(What the task requires): Reproduce the listing below in full and without alteration, apart from its pictures.
***** Extracted records *****
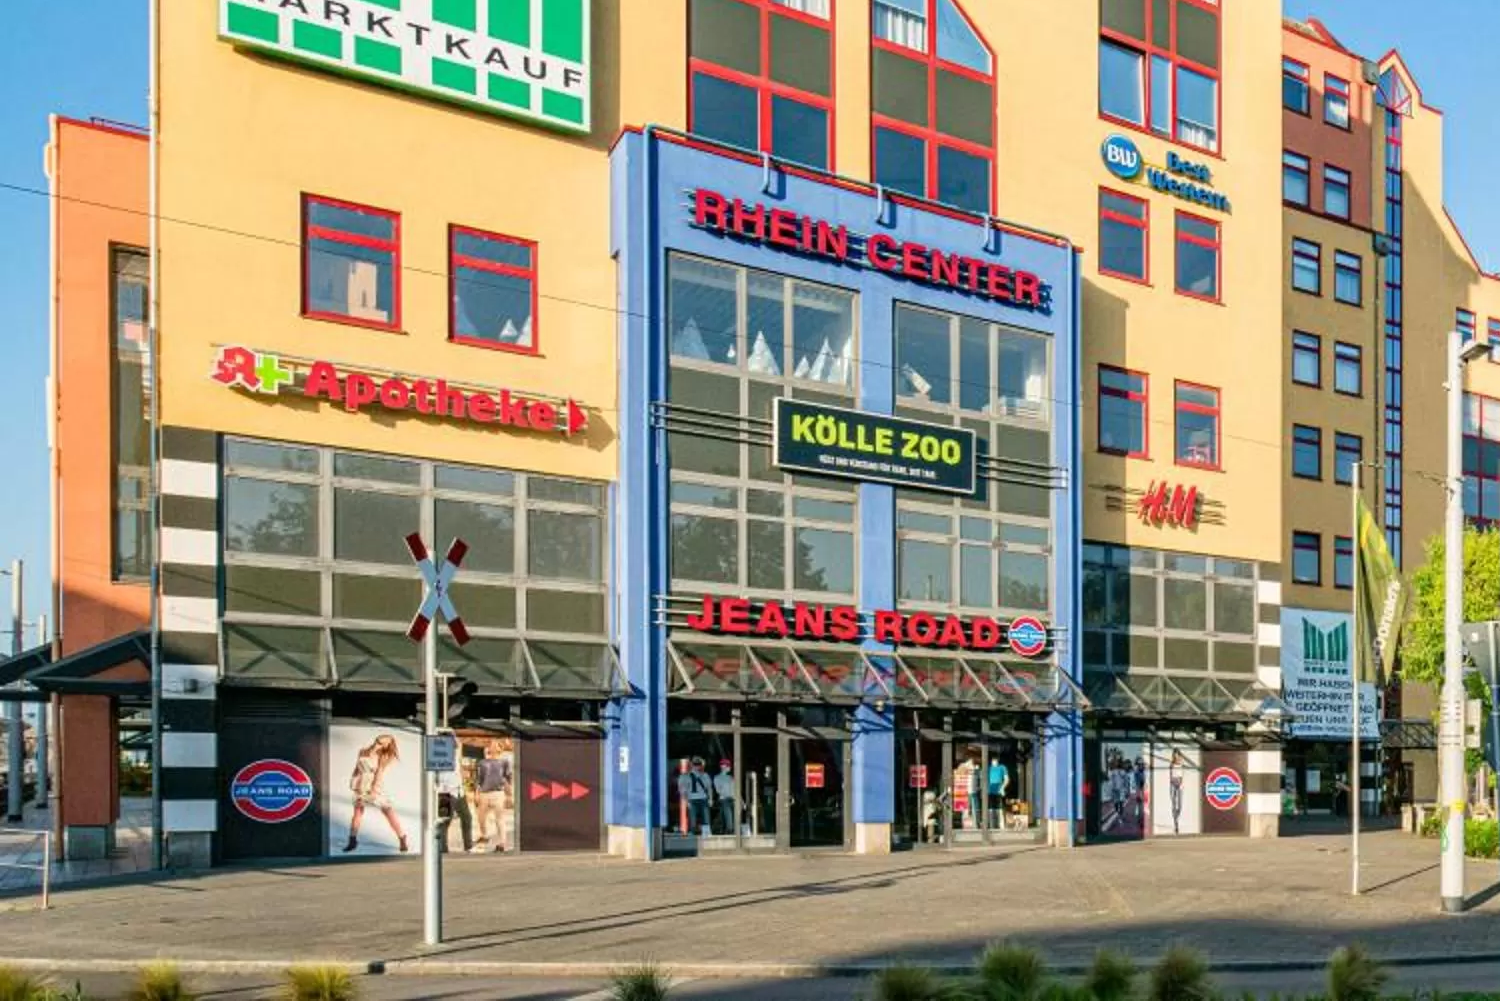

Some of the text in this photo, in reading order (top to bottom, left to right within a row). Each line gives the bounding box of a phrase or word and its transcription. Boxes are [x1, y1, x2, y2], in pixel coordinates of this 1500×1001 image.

[1107, 144, 1137, 167] BW
[693, 187, 1043, 305] RHEIN CENTER
[303, 360, 557, 431] Apotheke
[792, 414, 961, 466] KÖLLE ZOO
[686, 594, 1002, 650] JEANS ROAD
*****
(Finished task):
Some of the text in this photo, in reading order (top to bottom, left to right within a row). Each line gives the bounding box of a phrase or word and its transcription. Boxes are [x1, y1, x2, y2], in pixel coordinates of this 1500×1001 image.

[1107, 144, 1137, 167] BW
[693, 187, 1043, 305] RHEIN CENTER
[303, 360, 557, 431] Apotheke
[792, 414, 961, 466] KÖLLE ZOO
[686, 594, 1002, 650] JEANS ROAD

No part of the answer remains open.